2. Use the top toolbar table to click `Plot All Per Lab Communication`. The first figure in this view shows all the data received by each lab. In this example each lab is receiving the same amount of data from the previous lab, so it doesn't seem to be a data distribution problem. The second figure shows the various communication times including the time spent waiting for communication. In the third figure, the Receive Comm Waiting Time plot shows a stepwise increase in waiting time. An example Receive Comm Waiting Time plot can be seen below using a 12-node cluster. It is good to go back and check what is happening on the source lab.

3. Browse what's happening on lab 1. a.) In the Profiler click Home. b.) Click the top-level `pctdemo_aux_profbadcomm` function to go to the Function Detail Report. c.) Be sure that Show function listing is selected. d.) Scroll down and see where lab 1 spends time and which lines are covered. e.) For comparison, look at the Busy Line table and select the last lab using the Goto lab listbox.

To see all the profiled lines of code, scroll down to the last item in the page.
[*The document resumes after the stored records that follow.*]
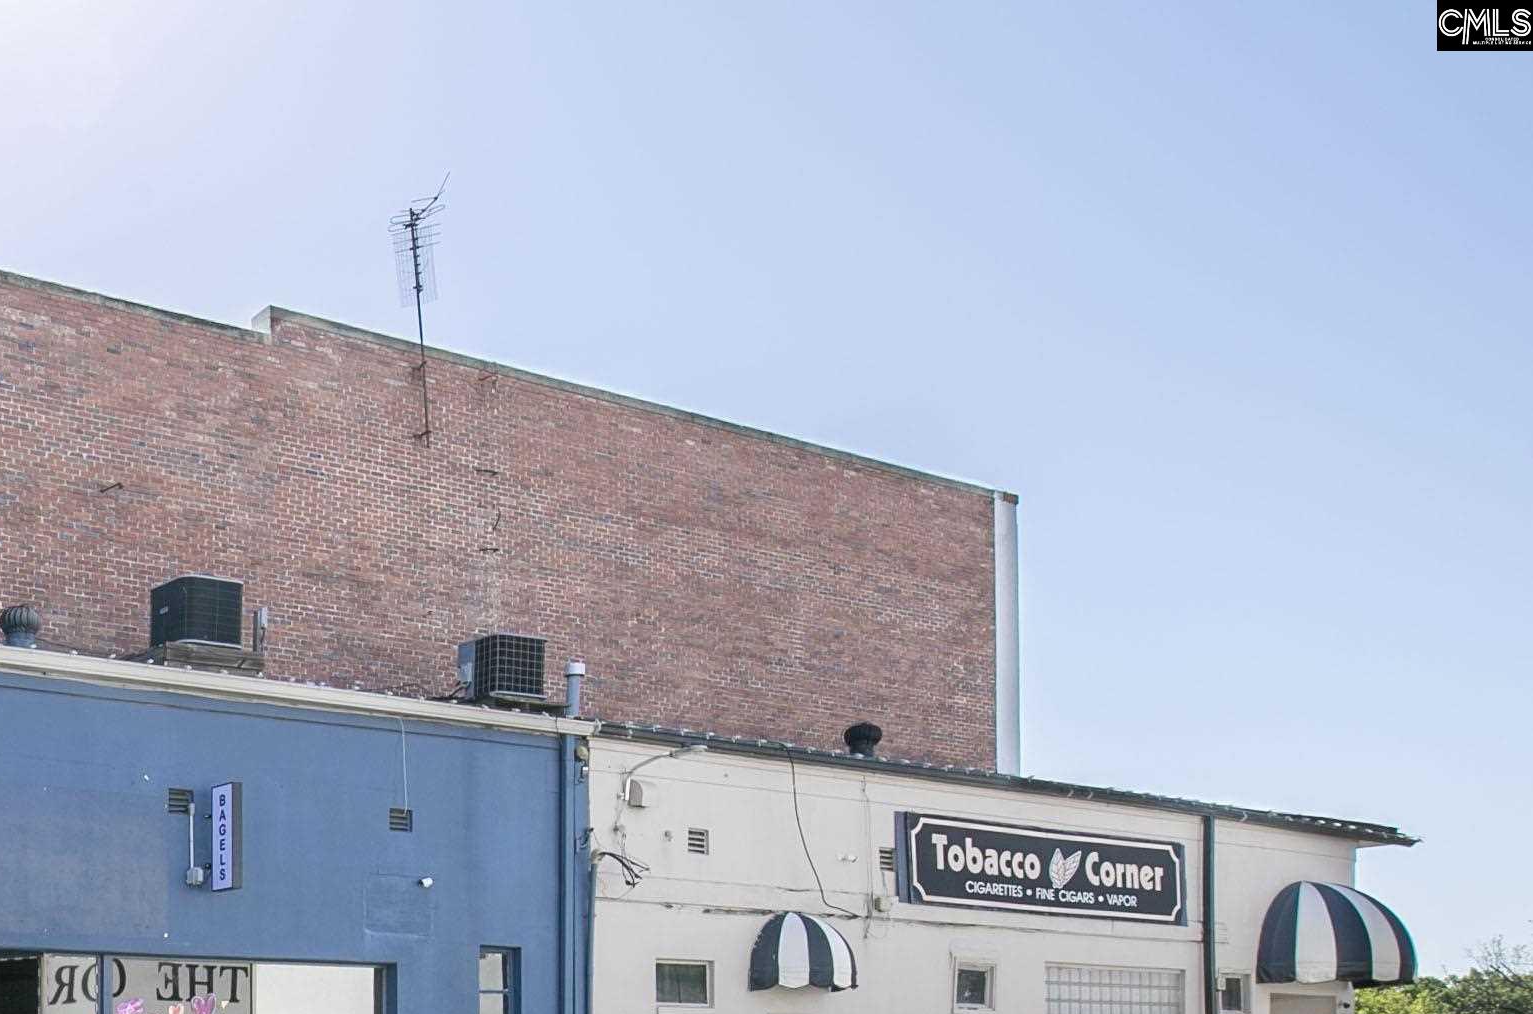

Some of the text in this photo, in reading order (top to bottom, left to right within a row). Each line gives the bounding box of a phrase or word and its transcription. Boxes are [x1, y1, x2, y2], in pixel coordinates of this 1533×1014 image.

[218, 794, 227, 881] BAGELS
[931, 833, 1164, 892] Tobacco Corner
[965, 880, 1137, 907] CIGARETTES FINE CIGARS VAPOR
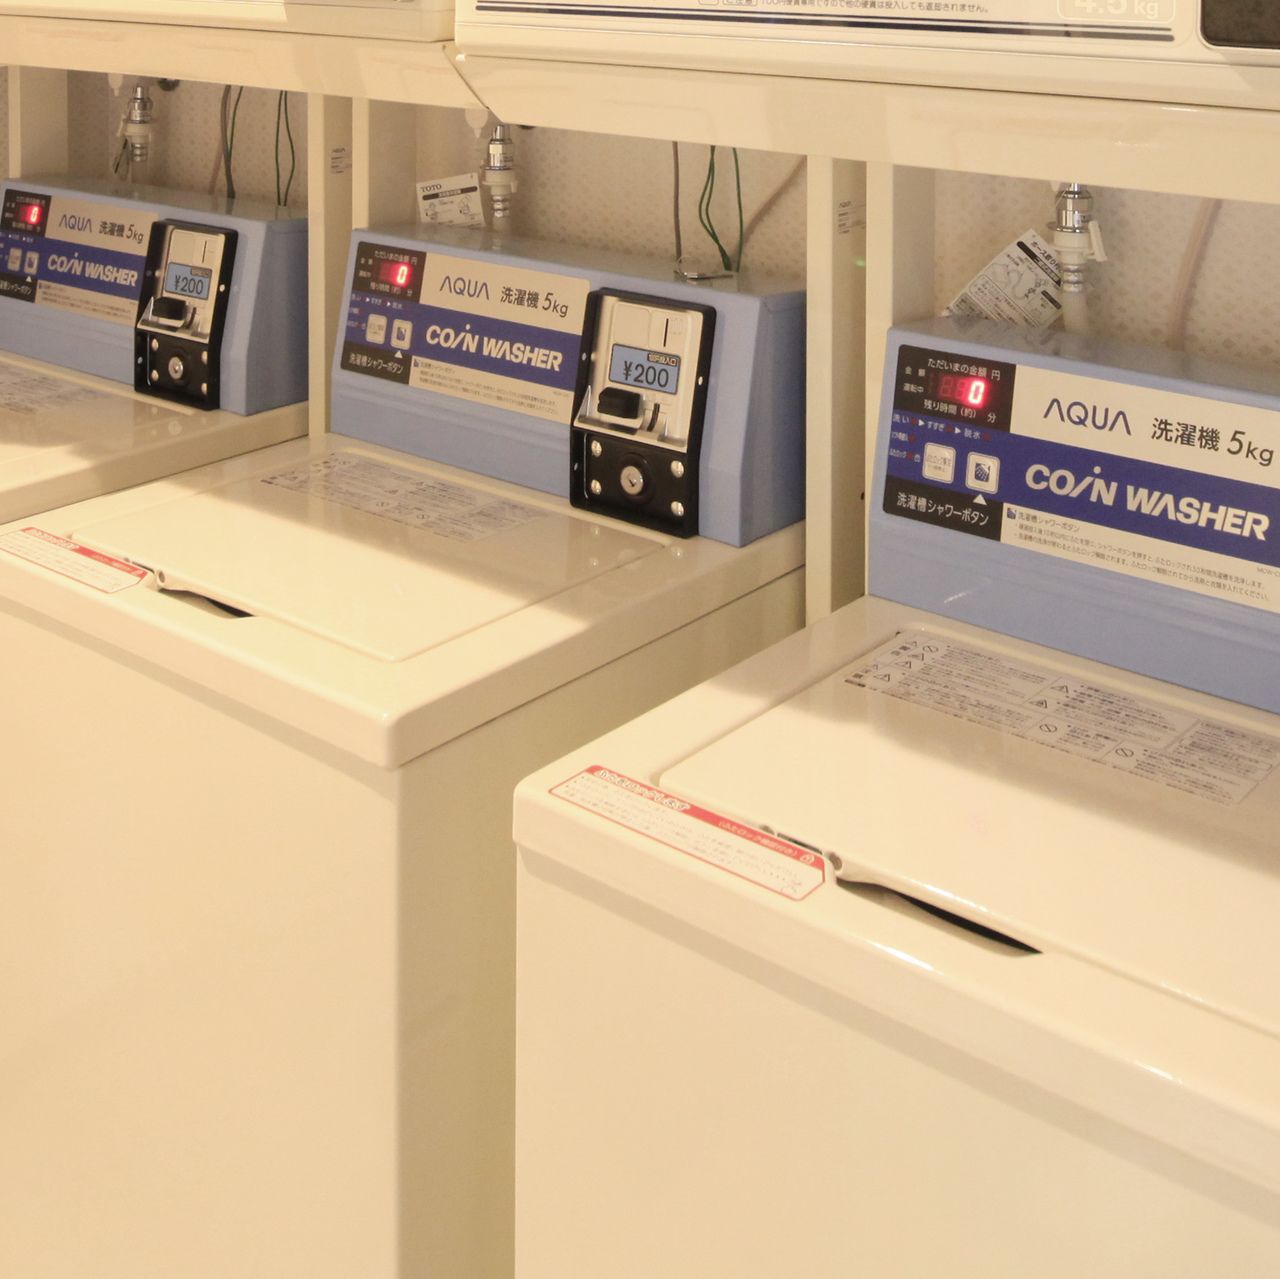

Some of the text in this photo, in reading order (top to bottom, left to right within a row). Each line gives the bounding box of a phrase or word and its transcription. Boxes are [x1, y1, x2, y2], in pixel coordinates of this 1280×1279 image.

[58, 213, 93, 234] AQUA
[126, 227, 144, 244] 5kg
[85, 258, 138, 288] WASHER
[175, 274, 204, 295] ¥200
[397, 265, 408, 284] 0
[439, 274, 570, 318] AQUA 洗濯機 5kg
[483, 337, 563, 372] WASHER
[927, 358, 1001, 381] ただいまの金額 円
[623, 360, 669, 388] ¥200
[967, 381, 985, 404] 0
[986, 412, 997, 424] 分
[1043, 397, 1275, 468] AQUA 洗濯機 5kg
[895, 491, 989, 526] 洗濯槽シャワーボタン
[1126, 484, 1271, 541] WASHER
An example of this annotated code listing can be seen below.

### Communication Plots Using a Larger Non-local Cluster

To clearly see the problem with our usage of `labSend` and `labReceive`, look at the following Receive Comm Waiting Time plot from a 12-node cluster.

In the plot above, you can see the unnecessary waiting using Plot All PerLab Communication. This waiting time increases because `labReceive` blocks until the corresponding paired `labSend` has completed. Hence, you get sequential communication even though subsequent labs only need the data that is originating in the immediate neighbor `labindex`.
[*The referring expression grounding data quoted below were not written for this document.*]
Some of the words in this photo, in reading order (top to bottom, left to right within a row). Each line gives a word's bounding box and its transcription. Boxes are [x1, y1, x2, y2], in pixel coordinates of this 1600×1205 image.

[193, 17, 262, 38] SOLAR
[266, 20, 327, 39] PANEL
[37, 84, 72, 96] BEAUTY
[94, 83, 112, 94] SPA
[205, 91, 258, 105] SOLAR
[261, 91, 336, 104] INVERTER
### Using labSendReceive to Implement this Algorithm

You can use `labSendReceive` to send and receive data simultaneously from the lab that you depend on to get minimal waiting time. See this in the corrected version of the communication pattern implemented in `pctdemo_aux_profcomm`. Clearly, using `labSendReceive` is not possible if you need to receive data before you can send it. In such cases, use `labSend` and `labReceive` to ensure chronological order. However, in cases like this example, when there is no need to receive data before sending, use `labSendReceive`. Let's profile this version without resetting the data collected on the previous version (use `mpiprofile resume`).
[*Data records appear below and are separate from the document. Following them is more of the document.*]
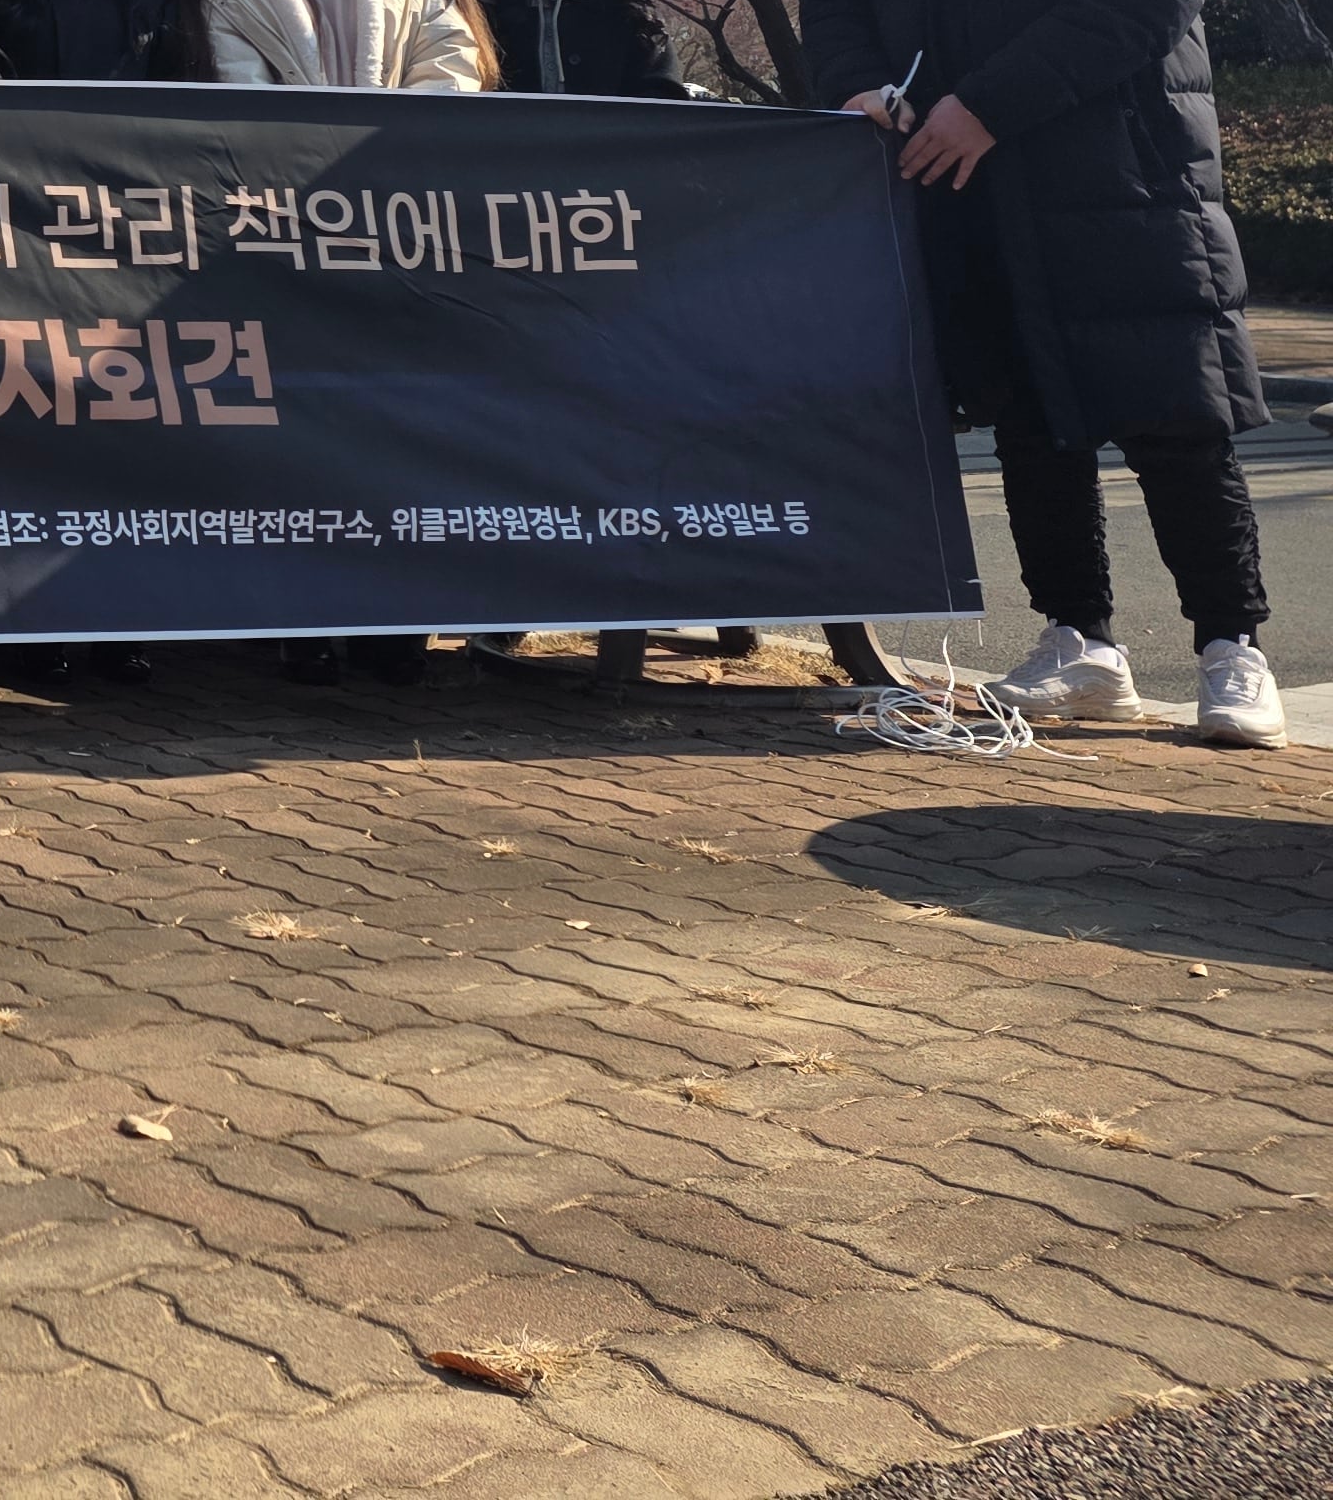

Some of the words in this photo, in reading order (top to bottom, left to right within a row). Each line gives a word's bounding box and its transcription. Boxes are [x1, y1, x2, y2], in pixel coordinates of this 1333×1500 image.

[44, 185, 198, 270] 관리
[228, 186, 464, 272] 책임에
[485, 189, 641, 273] 대한
[56, 509, 381, 546] 공정사회지역발전연구소,
[391, 506, 592, 544] 위클리창원경남,
[599, 508, 669, 542] KBS,
[673, 503, 780, 537] 경상일보
[784, 502, 809, 534] 등
```P>> labBarrier; P>> mpiprofile resume; P>> pctdemo_aux_profcomm; ```
```1 sending to 2 receiving from 12 2 sending to 3 receiving from 1 3 sending to 4 receiving from 2 4 sending to 5 receiving from 3 5 sending to 6 receiving from 4 6 sending to 7 receiving from 5 7 sending to 8 receiving from 6 8 sending to 9 receiving from 7 9 sending to 10 receiving from 8 10 sending to 11 receiving from 9 11 sending to 12 receiving from 10 12 sending to 1 receiving from 11```
```P>> mpiprofile viewer; ```
`1 Sending pmode lab2client to the MATLAB client for asynchronous evaluation.`

This corrected version reduces the waiting time to effectively zero. To see this, click Plot All PerLab Communication after selecting `pctdemo_aux_profcomm`. The same communication pattern, described above, now spends nearly no time waiting using `labSendReceive` (see the Receive Comm Waiting Time plot below).

### The Plot Color Scheme

For each 2-D image plot, the coloring scheme is normalized to the task at hand. Therefore, do not use the coloring scheme in the plot shown above to compare with other plots, since colors are normalized and are dependent on the maximum value (seen in the top right in brown). For this example, using the max value is the best way to compare the huge difference in waiting times when we use `pctdemo_aux_profcomm` instead of `pctdemo_aux_profbadcomm`.